Component	3B Dense	8B Dense	30B Dense
Embedding size	2560	4096	4096
Number of layers	40	40	64
Attention head size	64	128	128
Number of attention heads	40	32	32
Number of KV heads	8	8	8
MLP hidden size	8192	12800	32768
MLP activation	SwiGLU	SwiGLU	SwiGLU
Position embedding	RoPE	RoPE	RoPE

组件	3B 稠密	8B 稠密	30B 稠密
嵌入维度	2560	4096	4096
层数	40	40	64
注意力头大小	64	128	128
注意力头数量	40	32	32
KV 头数量	8	8	8
MLP 隐藏层大小	8192	12800	32768
MLP 激活函数	SwiGLU	SwiGLU	SwiGLU
位置编码	RoPE	RoPE	RoPE

All three model sizes share the same training pipeline and data strategy, differing only in architecture dimensions. 这三种规模的模型共享相同的训练流水线和数据策略，仅在架构维度上有所不同。

Pre-Training

预训练

Granite 4.1 is trained from scratch on approximately 15 trillion tokens using a five‑phase training strategy. Phases 1–2 focus on foundational pre‑training, phases 3–4 perform mid‑training with progressively higher‑quality data annealing, and phase 5 introduces long‑context training, extending the context window to 512K tokens. Each phase employs a distinct data mixture and learning‑rate schedule, gradually shifting from broad web‑scale data to more curated, domain‑specific content.
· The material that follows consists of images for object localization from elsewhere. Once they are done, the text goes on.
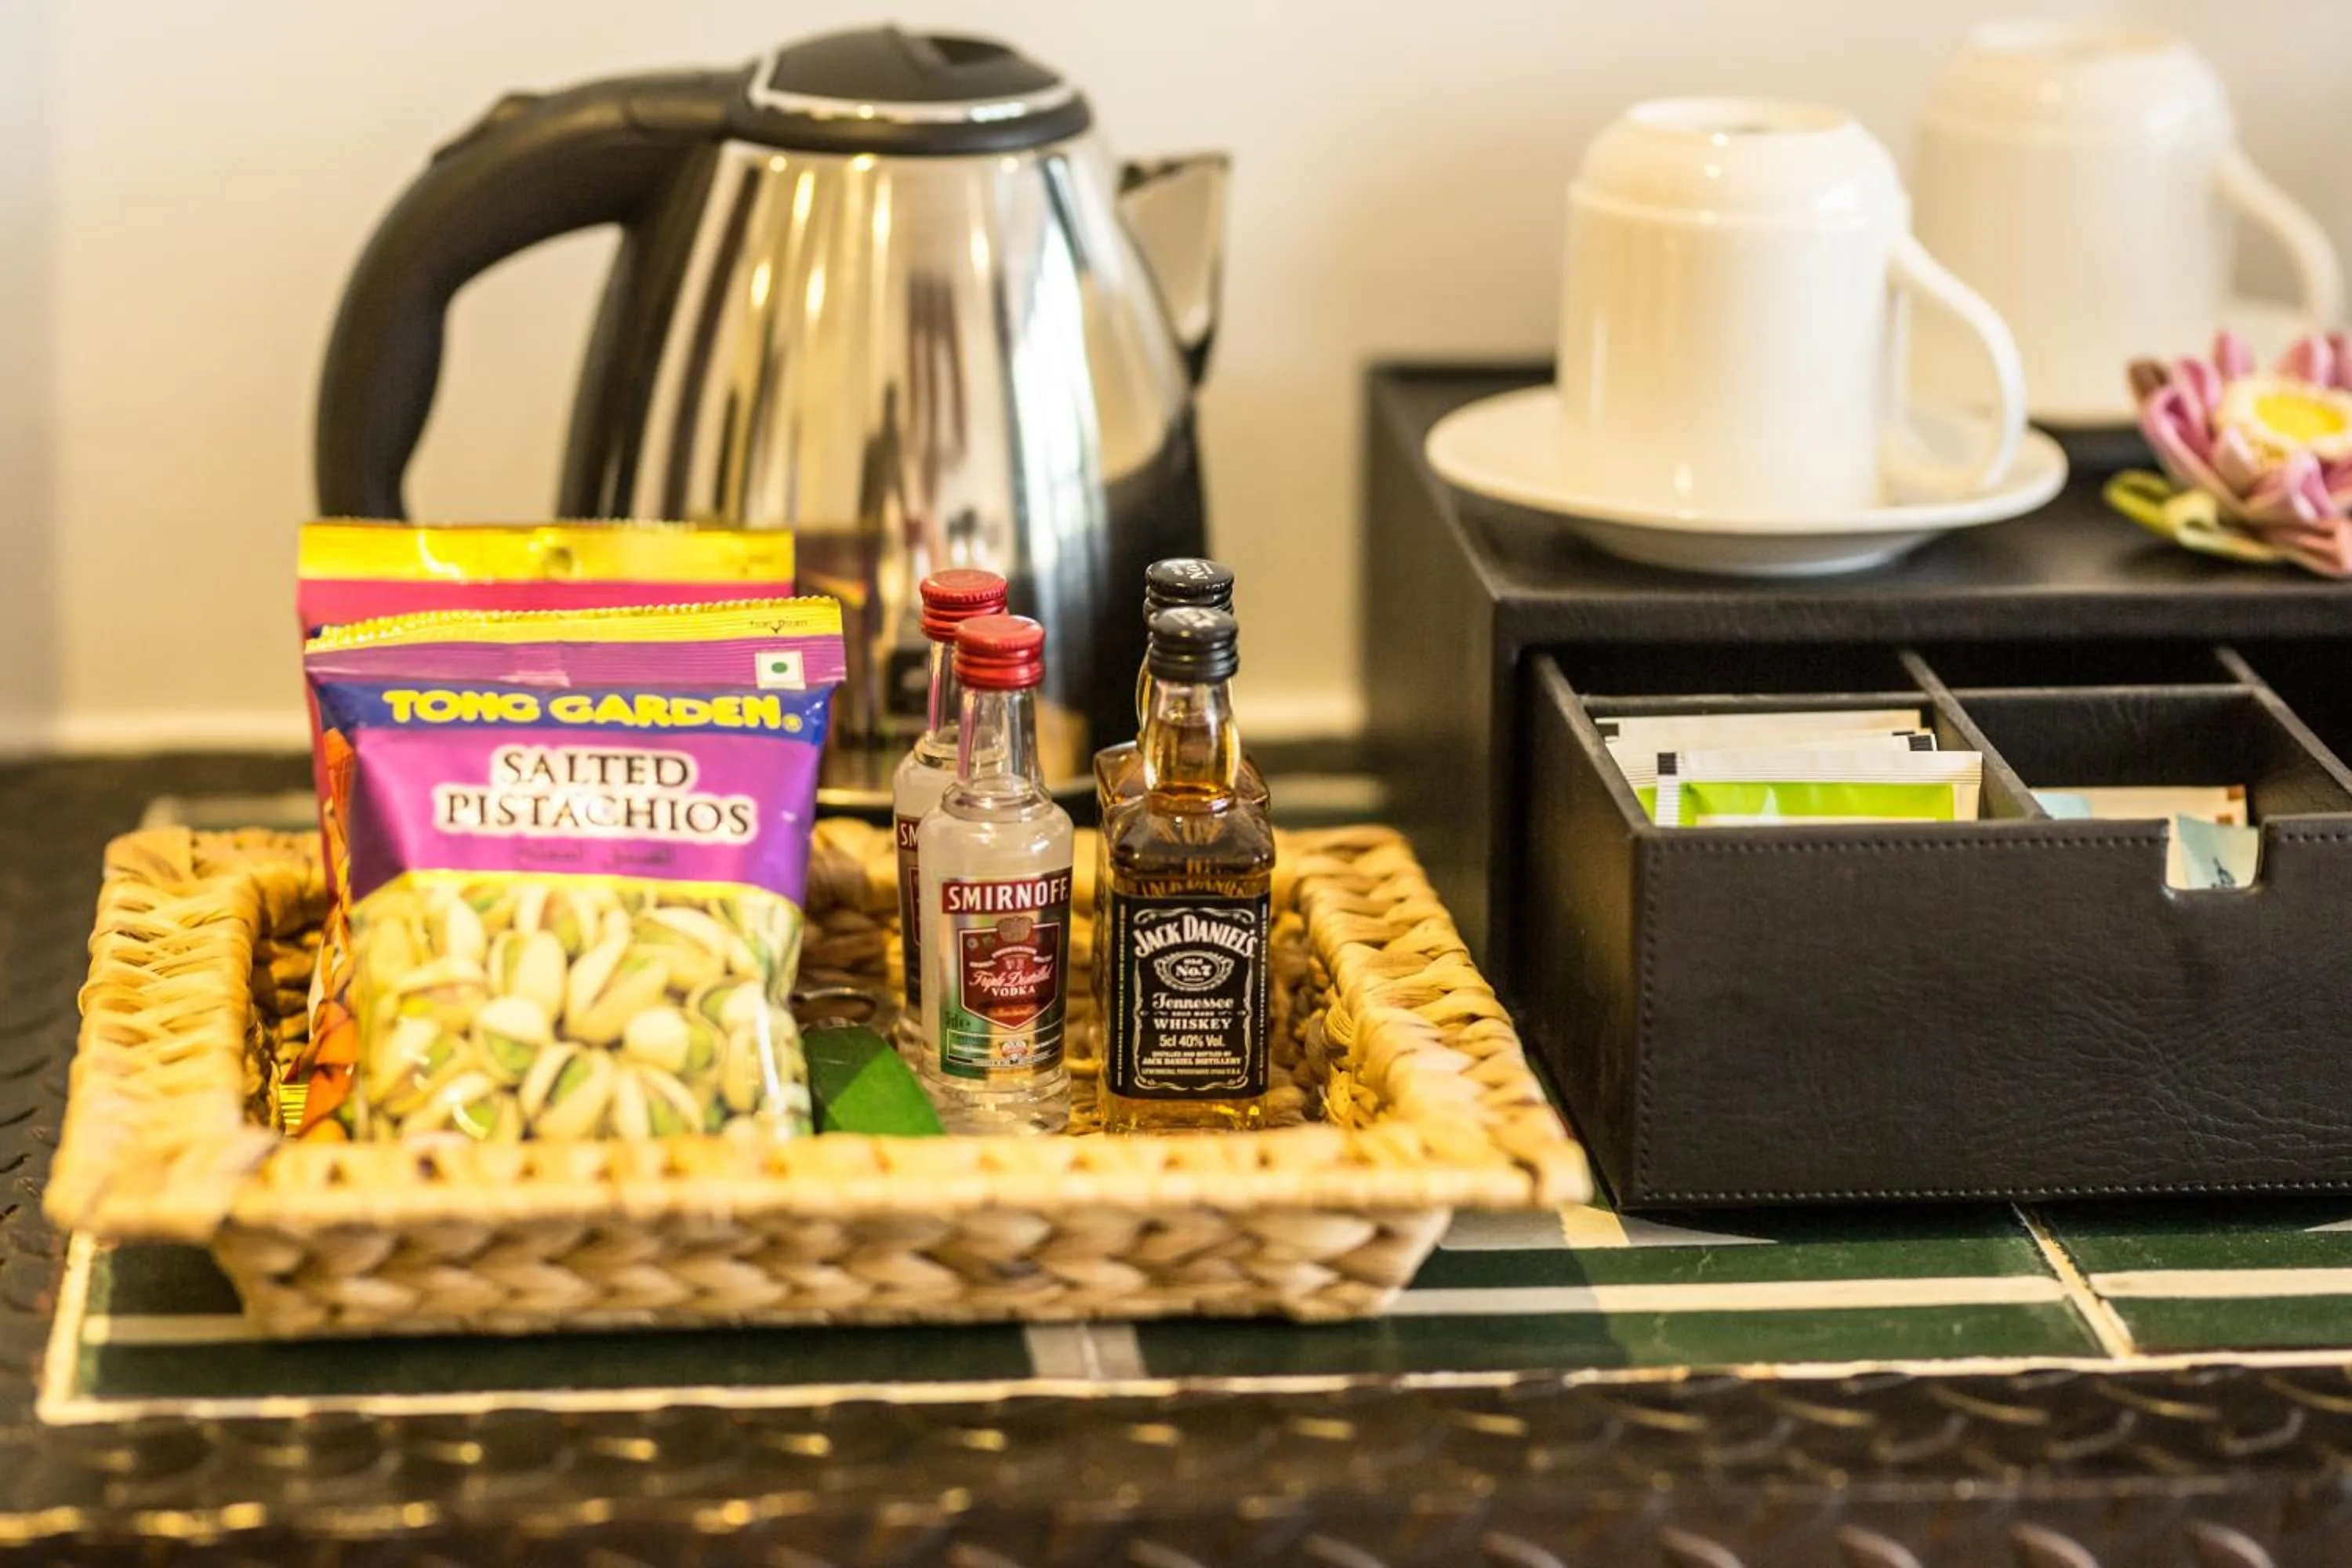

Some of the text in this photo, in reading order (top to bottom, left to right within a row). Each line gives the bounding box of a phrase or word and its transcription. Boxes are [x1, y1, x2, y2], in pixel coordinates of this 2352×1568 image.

[382, 689, 782, 730] TONG GARDEN
[503, 750, 690, 788] SALTED
[446, 792, 750, 836] PISTACHIOS
[948, 877, 1068, 911] SMIRNOFF
[991, 985, 1036, 996] VODKA
[1152, 992, 1234, 1010] Tennessee
[1153, 1018, 1232, 1030] WHISKEY
[1178, 1034, 1204, 1047] 40%
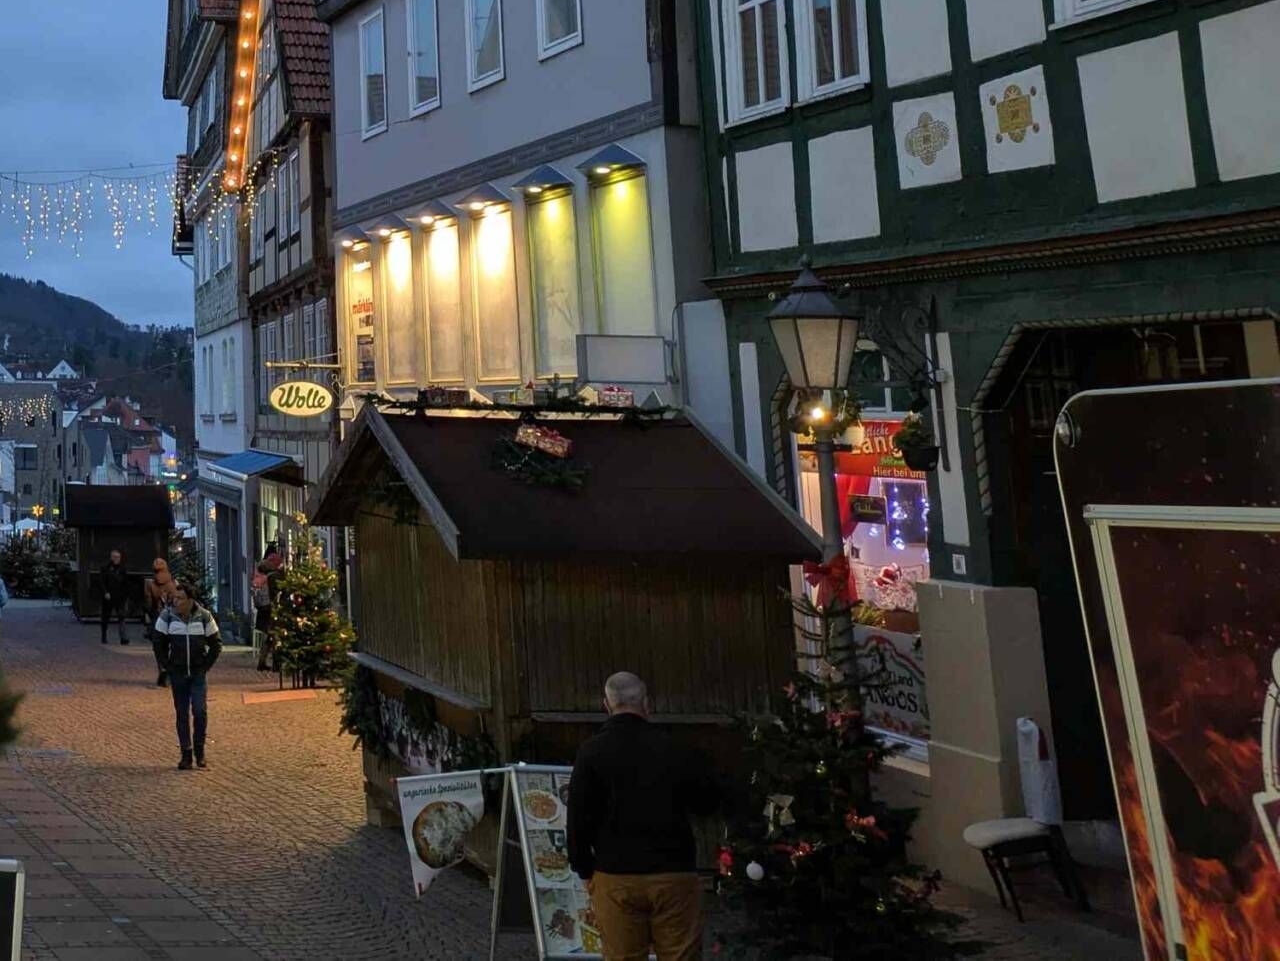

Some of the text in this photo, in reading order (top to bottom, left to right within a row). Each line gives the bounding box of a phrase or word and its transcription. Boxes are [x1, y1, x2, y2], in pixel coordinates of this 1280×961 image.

[278, 385, 326, 409] Wolle
[873, 465, 926, 479] Hier bei uns
Granite 4.1 采用五阶段训练策略，从零开始在约 15 万亿 token 上进行训练。第 1-2 阶段侧重于基础预训练；第 3-4 阶段进行中期训练，通过逐步提高数据质量进行退火（annealing）；第 5 阶段引入长上下文训练，将上下文窗口扩展至 512K token。每个阶段采用不同的数据配比和学习率计划，逐渐从广泛的网页级数据转向更精选的领域特定内容。

(Note: The article continues with detailed breakdowns of the five phases, which follow the same logic of alternating English and Chinese.)